Newsday - December 20, 2001
Laurie Garrett, Staff Writer
The seemingly costly package of health interventions would end up fueling broad economic growth internationally and would slow the population explosion in poor countries, the WHO commission said. By 2015 the 48 poorest nations in the world would collectively gain $360 billion a year in economic expansion. Per capita income in the next- poorest tier would rise by about 10 percent by 2020.
The six-volume "Macroeconomics of Health: Investing in Health for Economic Development" offers a game plan for reducing inequities in life expectancy, infant mortality and disease. The WHO report argues global economies will improve as a direct result.
WHO Director-General Gro Harlem Bruntdland set up the commission two years ago with Harvard economist Jeffrey Sachs as chairman. It has been more than two decades since any international body has tried to create a worldwide plan for achieving specific targets in reducing death, disease and resultant poverty.

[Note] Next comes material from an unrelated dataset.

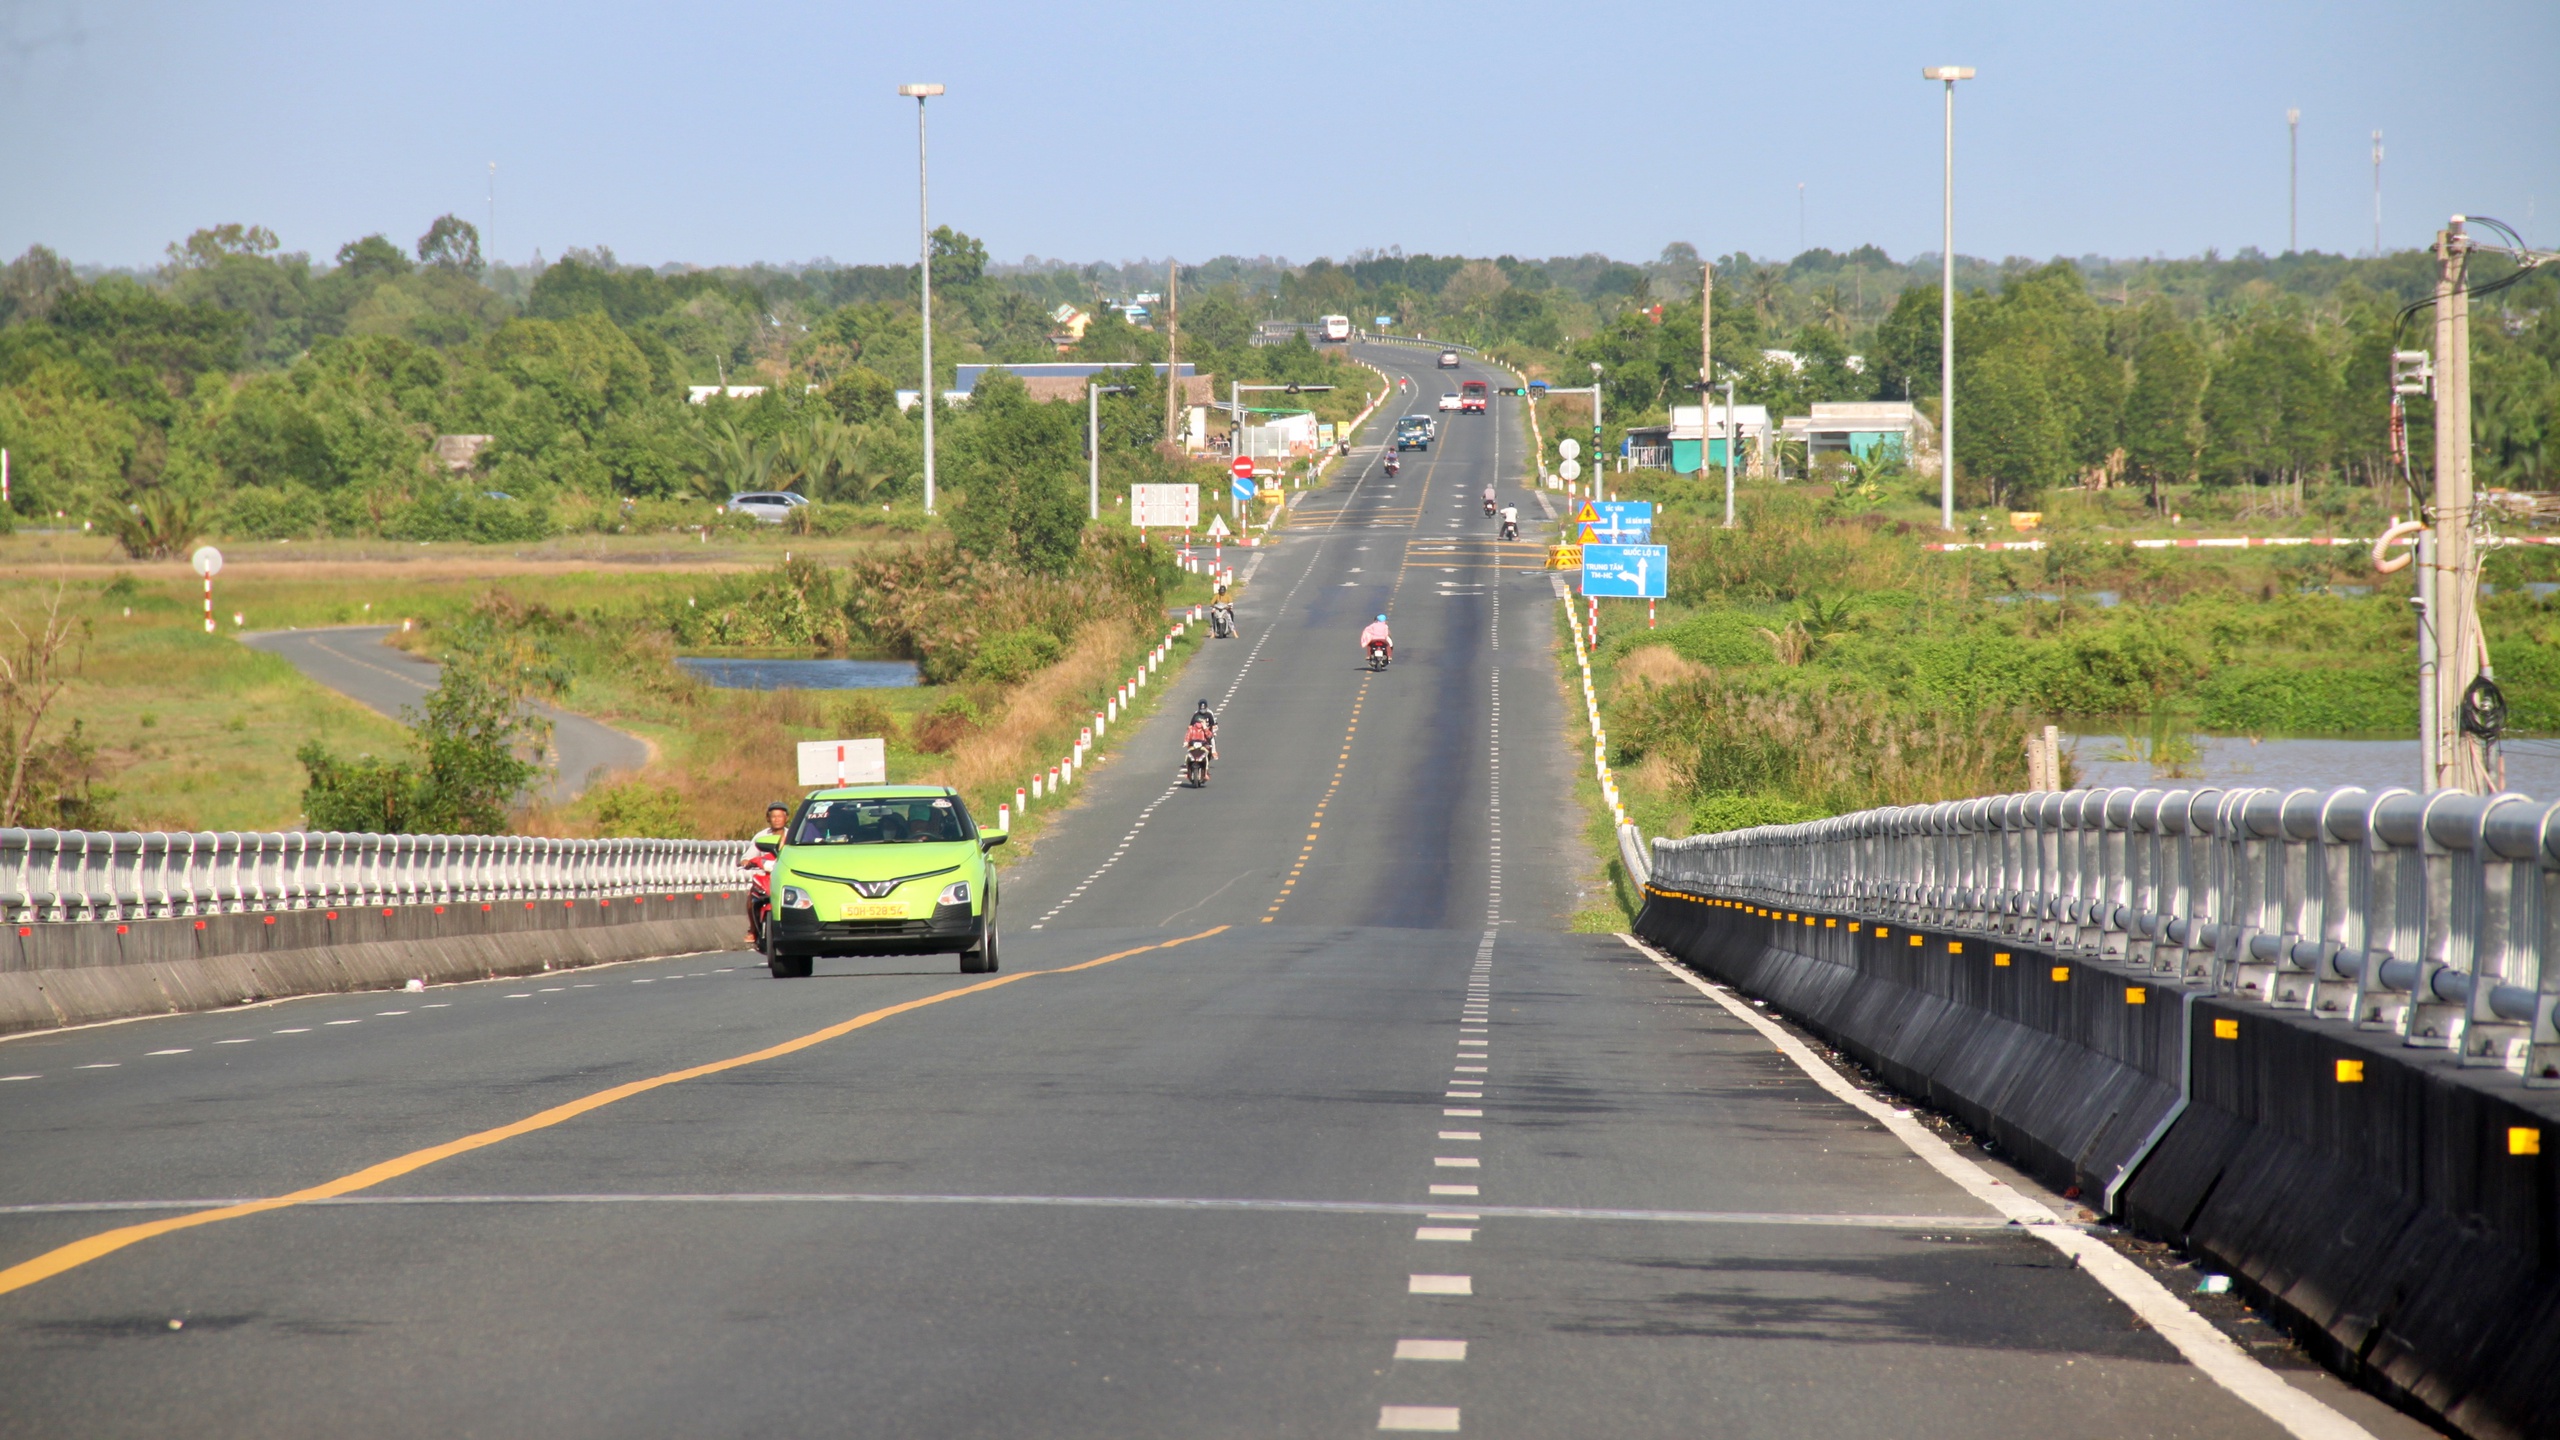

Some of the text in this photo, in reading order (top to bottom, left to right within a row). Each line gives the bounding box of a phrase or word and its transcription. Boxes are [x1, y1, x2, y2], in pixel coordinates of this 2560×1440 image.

Gordon Brown, chancellor of the exchequer for Britain and chairman of the International Monetary Fund's Guidance Committee, likened the initiative to the Marshall Plan, under which the United States spent the equivalent of $88 billion in today's currency to rebuild Europe after World War II - an investment that paid off many times over for U.S. corporations and average citizens by creating strong European economies that purchase U.S. goods.
"The U.S. gave two percent of GNP [gross national product] per year between 1948 to 1951 in the Marshall Plan," Sachs said in a recent speech at Cornell University's Weill Medical College in Manhattan. "It was the most unselfish act in history, and it was a stunning success. I'm talking about one-twentieth of that for health. A mere one penny of every $10 of rich world income would save eight million lives a year."
According to the report, many of the world's poorest nations are stuck in poverty because their burden of disease - most of it preventable - is so high that they cannot build industrial societies.
The commission's solutions include:
Create national health programs in every country that determine the primary disease trends of the nation and lay out strategies for their mitigation.
Create fully accountable programs nation by nation for implementation of such strategies - such as building water filter systems to reduce diarrheal disease and improving vaccine campaigns.
Set up an international research enterprise to fund studies of the diseases of the poor, such as tuberculosis and malaria, with the goals of finding new cures and vaccines.
Push all nations, rich and very poor alike - to spend 5 percent or more of their GNP on health. The United States spends three times that domestically, but many poor nations spend less than 3 percent of GNP on health.
To offset the funding gap that would still be in place because of the extreme poverty of most of the world's nations, international donor commitment from the rich world would be necessary, to the tune of 0.7 percent of the GNP of each wealthy nation being donated for improving the health of the poor.
Dr. Harold Varmus, who served on the commission and who is director of Memorial Sloan-Kettering Cancer Center in Manhattan, says the thing that "most astounded" him during the commission investigation was learning how little the United States spends directly on the health of the world's poor.
Sachs said the United States donates 0.1 percent of its GNP to the poorest nations. In contrast, many European nations donate more than 0.5 percent of their GNP.
The report now becomes fodder for debate and negotiation both between and within governments in a process that will undoubtedly last through 2002.